At present, the BSP's key policy rate remains at a historic low of 2.0 percent. The low interest rate environment has helped support credit activities amid the pandemic. 

But some groundwork for the BSP's "exit" has already been initiated with the significant decline in the BSP's purchases of government securities in the secondary market since the latter part of 2020 and the reduction in the provisional advances to the National Government from P540 billion to P300 billion. 

Moving on to economic outlook- 

After a higher-than-target growth of 5.6 percent last year, the government projects that the Philippine economy will grow by 7.0 to 9.0 percent this year, and by 6.0 to 7.0 percent next year. 

The latest baseline inflation forecasts are within the target range at 3.7 percent for this year and 3.3 percent for next year. 

In recent weeks, there is heightened uncertainty due to soaring world crude oil prices. 

Based on the BSP's oil price simulation, however, inflation could settle above the target range of 2.0 to 4.0 percent, only if crude oil prices average higher than US$95.00 per barrel in 2022 and 2023 on a sustained basis. Below US$95.00 per barrel, inflation would settle within the target range. 

Should oil prices reach US$120–140 per barrel this year, inflation would be 0.7 –1.0 percentage point above baseline in 2022. In brief, inflation would average between 4.4 – 4.7 percent under the US$120–140 per barrel scenario.

Meanwhile, the current account is expected to post a deficit equivalent to 2.3 percent of GDP in 2022, driven by rising demand for imported capital goods and inputs for production as the economy continues to recover. 

Overseas Filipino remittances is expected to grow at 4.0 percent this year, after a 5.1 percent growth in 2021. This pattern suggests resilience. 

Net foreign direct investments are projected to rise to USD 8.5 billion this year amid expectations of improved domestic and global investment climate.  

While the Covid-19 virus rages, we didn't sit idly by and wait for the pandemic to recede. We continued to work for the enactment of structural reform measures:

These include the following: First, the amended Retail Trade Liberalization Act, which lowers the minimum paid-up capital for foreign retailers; Second, the amended Foreign Investments Act, which encourages foreign professionals to bring their practice, know-how, and technical expertise to the Philippines; and Third, the amended Public Service Act, which will open key economic sectors, such as telecommunications and airline industries. 

However, there are risks to our outlook. 

One is the uneven recovery between advanced economies (AEs) and emerging market economies (EMEs), as the pace of mass vaccination and effectiveness of policy support differ. 

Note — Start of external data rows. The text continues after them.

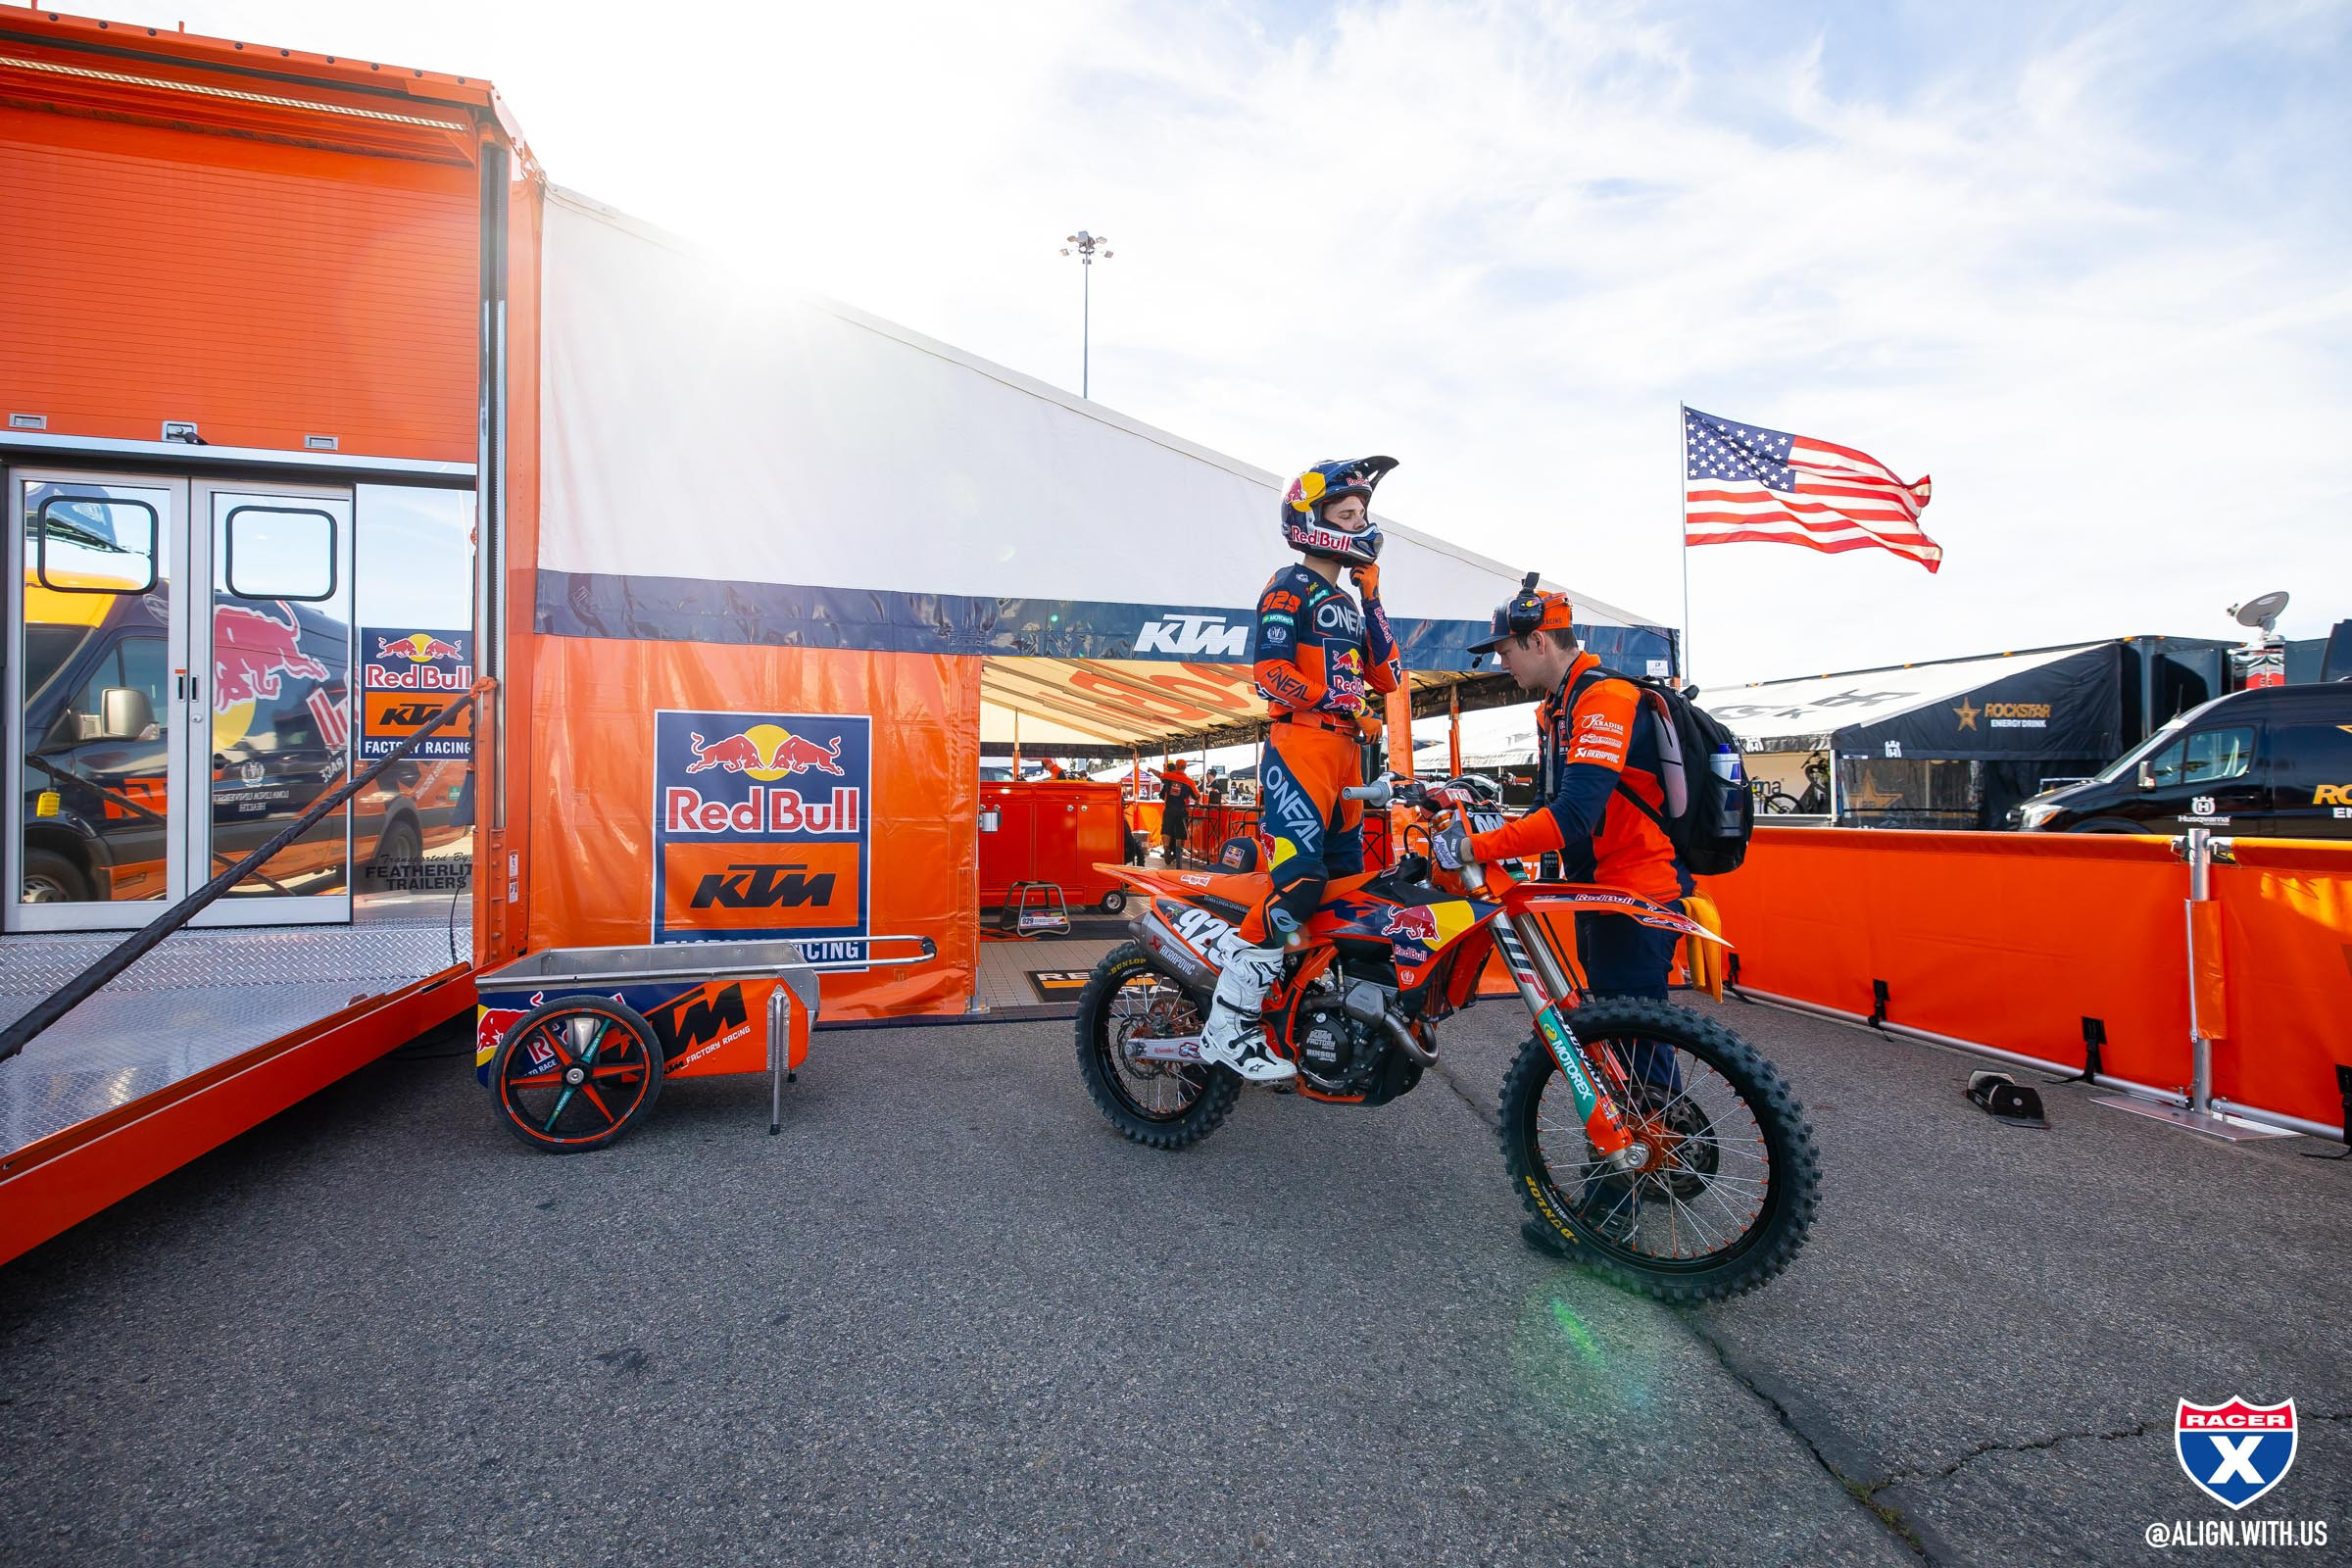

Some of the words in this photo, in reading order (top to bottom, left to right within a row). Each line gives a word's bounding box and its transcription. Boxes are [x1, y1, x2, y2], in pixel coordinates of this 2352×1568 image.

[1292, 525, 1317, 545] Red
[1319, 531, 1351, 552] Bull
[1262, 591, 1301, 613] 929
[1133, 613, 1250, 656] KTM
[366, 664, 419, 688] Red
[421, 665, 471, 689] Bull
[1984, 703, 2052, 717] ROCKSTAR
[365, 741, 422, 754] FACTY
[425, 742, 470, 755] RACING
[665, 786, 764, 833] Red
[768, 787, 860, 833] Bull
[380, 854, 448, 863] Transported
[365, 863, 472, 879] FEATHERLIT
[386, 877, 466, 891] TRAILERS
[690, 864, 836, 908] KTM
[1575, 893, 1605, 903] Red
[1605, 894, 1635, 906] Bull
[1394, 944, 1411, 957] Red
[1411, 948, 1428, 961] Bull
[1110, 957, 1146, 974] DUNLOP
[538, 1059, 558, 1073] RACE
[1552, 1039, 1592, 1102] MOTOREX
[1526, 1176, 1575, 1239] DUNLOP
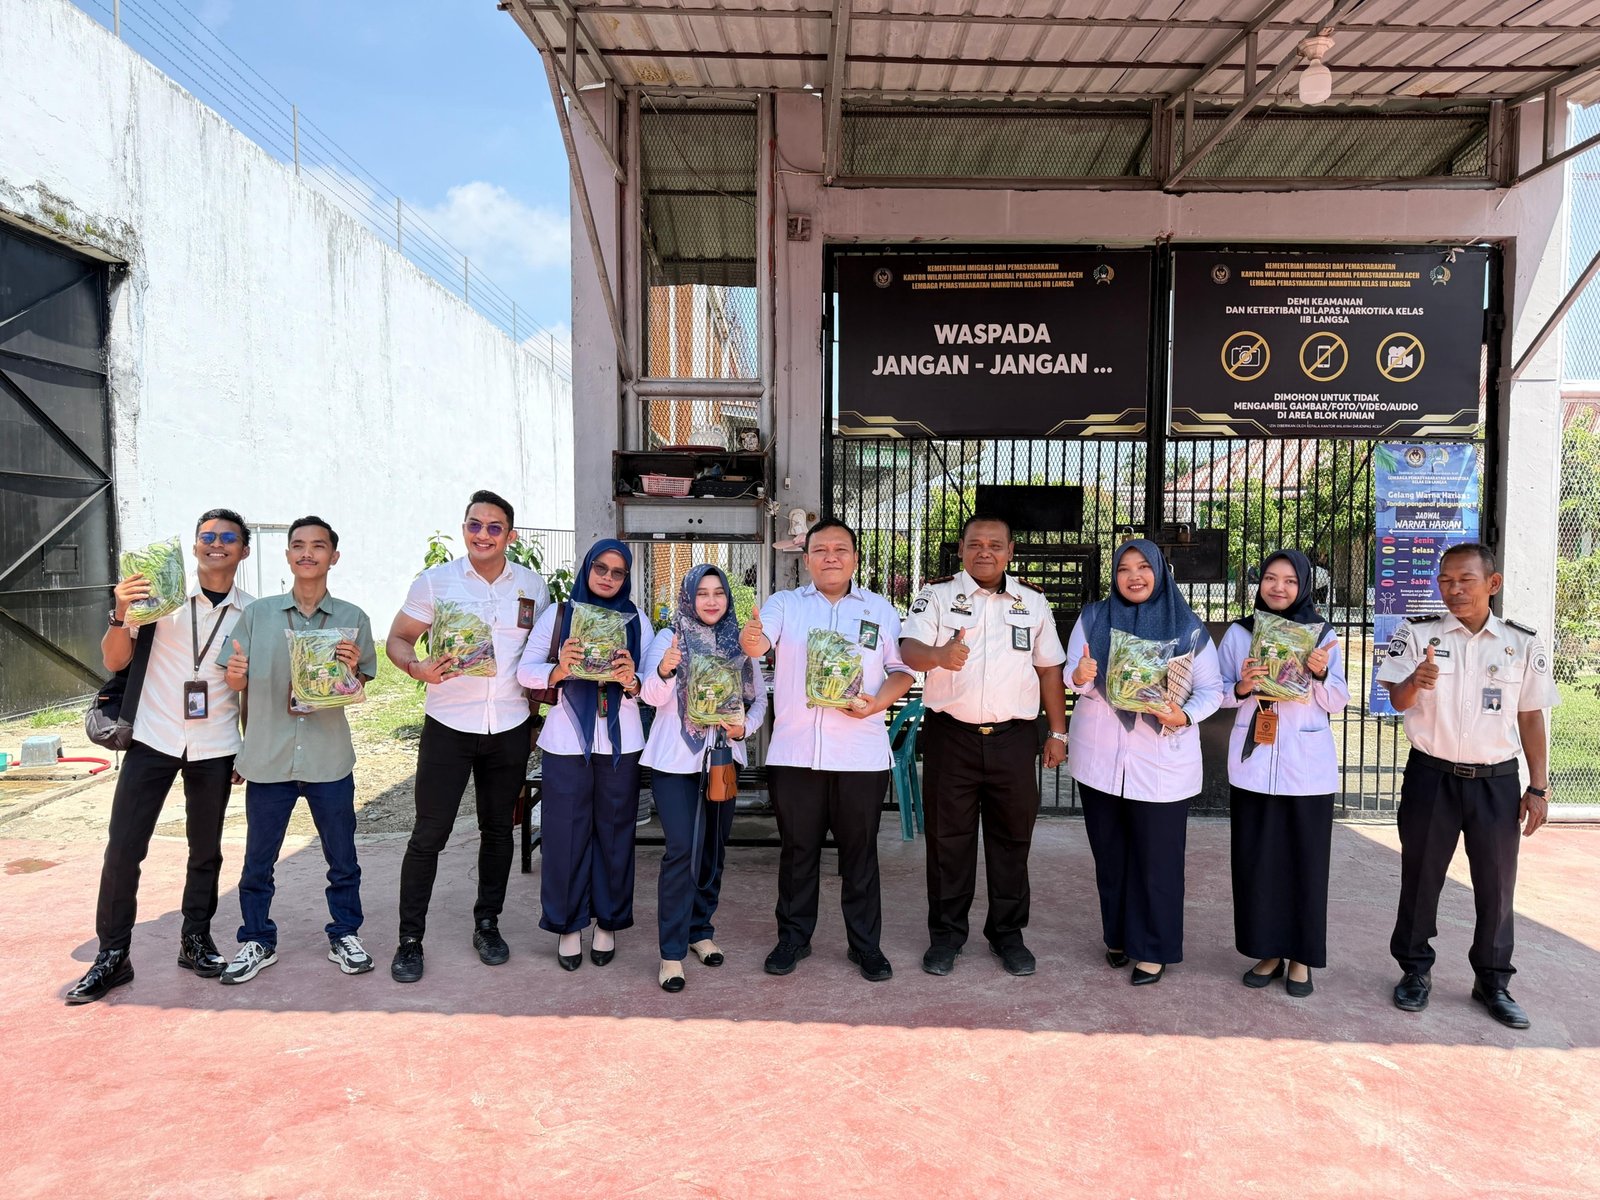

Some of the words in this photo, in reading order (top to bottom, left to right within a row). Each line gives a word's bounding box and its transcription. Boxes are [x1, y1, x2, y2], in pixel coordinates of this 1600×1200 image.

[934, 323, 1051, 345] WASPADA
[872, 355, 969, 376] JANGAN
[989, 354, 1087, 375] JANGAN
[1094, 366, 1113, 374] ...
[1234, 402, 1287, 410] MENGAMBIL
[1290, 402, 1418, 411] GAMBAR/FOTO/VIDEO/AUDIO
[1395, 521, 1427, 529] WARNA
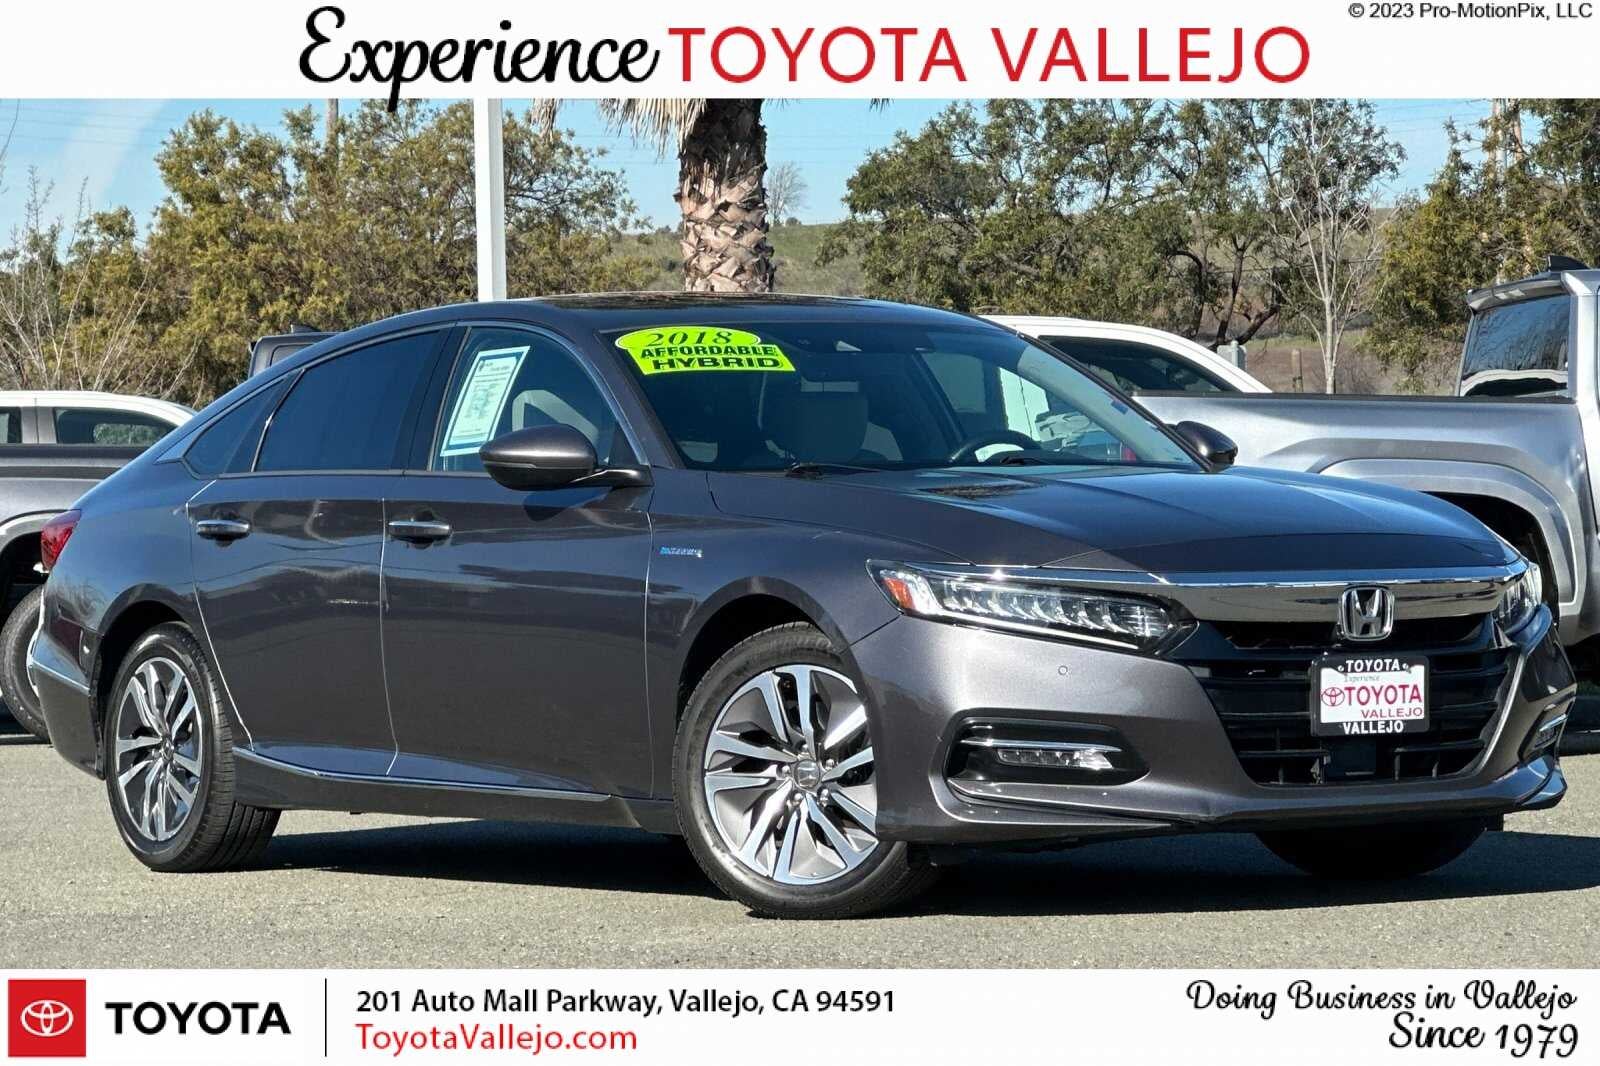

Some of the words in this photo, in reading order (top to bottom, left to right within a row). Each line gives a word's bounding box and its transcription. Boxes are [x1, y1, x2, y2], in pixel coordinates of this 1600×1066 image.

[646, 331, 733, 347] 2018
[641, 345, 775, 359] AFFORDABLE
[653, 356, 782, 370] HYBRID
[1345, 659, 1400, 673] TOYOTA
[1344, 684, 1423, 706] TOYOTA
[1360, 707, 1423, 719] VALLEJO
[1343, 720, 1404, 735] VALLEJO

Another risk is the potential emergence and spread of new COVID-19 variants in other countries. 

Rising inflation, both in AEs and EMEs, is also a threat owing to growing demand, input shortages caused by supply-chain bottlenecks, and rapidly rising commodity prices.

We expect the conflict between Russia and Ukraine to continue exerting pressure on key commodity prices, particularly oil and wheat. The conflict could also cloud global trade and investment outlook and cause financial market volatility. 

The BSP supports the national government's fiscal interventions to address upside risks to inflation and safeguard the economic recovery momentum. 

For instance, timely social protection measures could alleviate the impact of rising crude oil prices on the transportation and agriculture sectors, while measures to ensure adequate domestic food supply could mitigate further supply-side pressures on inflation. 

In closing, I would like to highlight three key points:

· First, the country's macroeconomic fundamentals remain sound. 

· Second, there are risks to this outlook, such as lingering uncertainties in the COVID-19 situation and the Russia-Ukraine conflict. 

· And third, the BSP is one with the National Government in helping the economy achieve full recovery. The BSP is striking a balance between providing adequate stimulus to sustain economic recovery and managing risks to price and financial stability.